Without the away goal rule and its tactical implications, its doubtful Rangers would have progressed as far as they did. Granted the tactics employed worked to their advantage and they took their chances when needed, but if they were out to attack from the first kick of the first leg, then the story may have been very different. We have seen this week in the UEFA cup and the Champions league, great teams like Inter Milan and Arsenal knocked out on the away goal rule which in modern-day football seems harsh. Critics will argue that they didn’t do enough in the first leg to merit going through but like most jobs, occasionally teams have off days. Tottenham thrashed Inter 3-0 at home but struggled to beat them in Italy, losing 4-1 after extra time with only an Adebeyor goal in the second leg enough to put them through. Yes they lacked the explosive Gareth Bale on the wing but Inter looked like a different team than the one that lost so convincingly only two weeks prior. In the Champions league, Arsenal did what was needed by winning 2-0 in Germany against Pep Guardiola’s next pet project, Bayern Munich. But the 3-1 score line in the Emirates stadium meant that their efforts were in vain, despite the scores being level after 180 minutes of wonderful football.
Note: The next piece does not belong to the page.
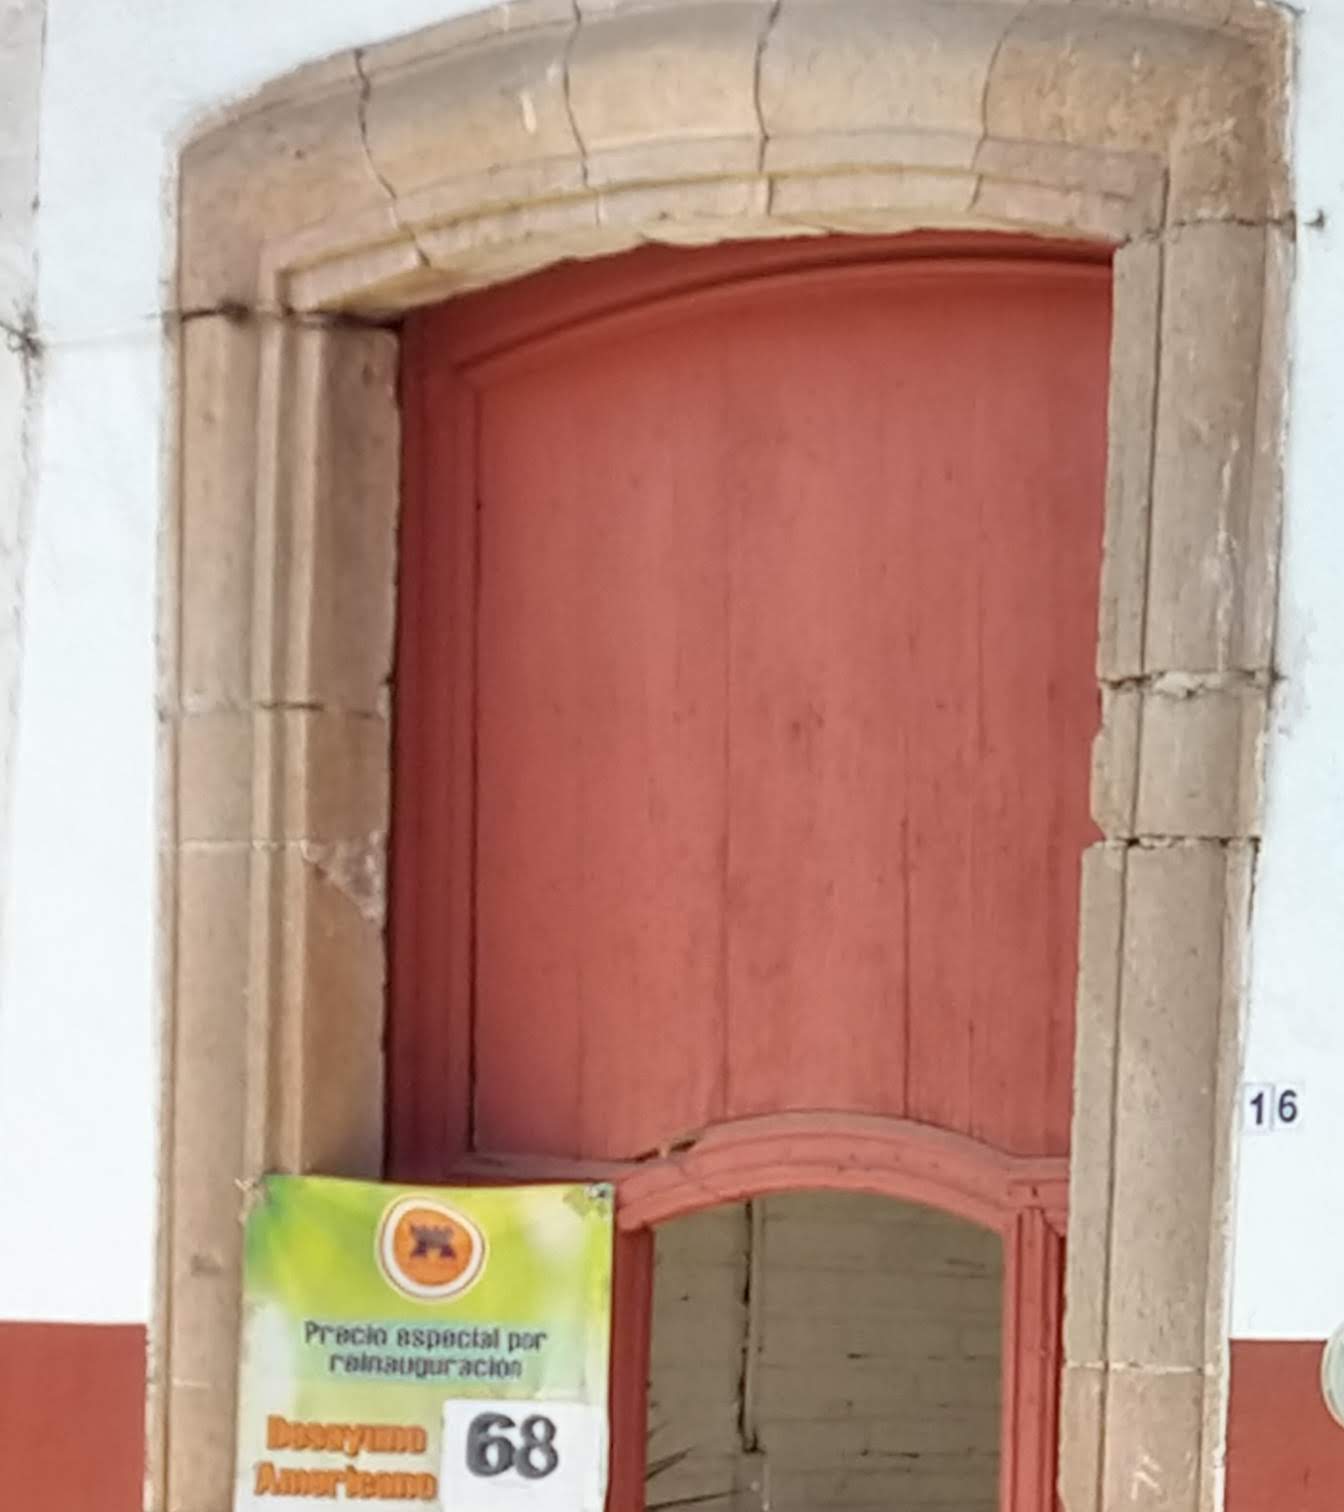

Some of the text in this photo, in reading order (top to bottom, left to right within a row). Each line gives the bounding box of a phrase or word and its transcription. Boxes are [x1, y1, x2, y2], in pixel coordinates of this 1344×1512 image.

To suggest there is any real advantage or disadvantage of playing at home vs. away, especially in modern football is somewhat archaic. But what must be looked at is the reasoning behind keeping such a strange rule as the away goal rule. Nobody really feels that it is of benefit and most would rather that if a match is indeed tied after 180 minutes then the game should go into extra time in an effort to resolve it. Better still don’t play it over two legs and instead choose an independent ground for the teams to play in and contest the match. If this isn’t feasible then the extra time and penalties will have to do. After all, no one has a problem with a team being eliminated by penalties right?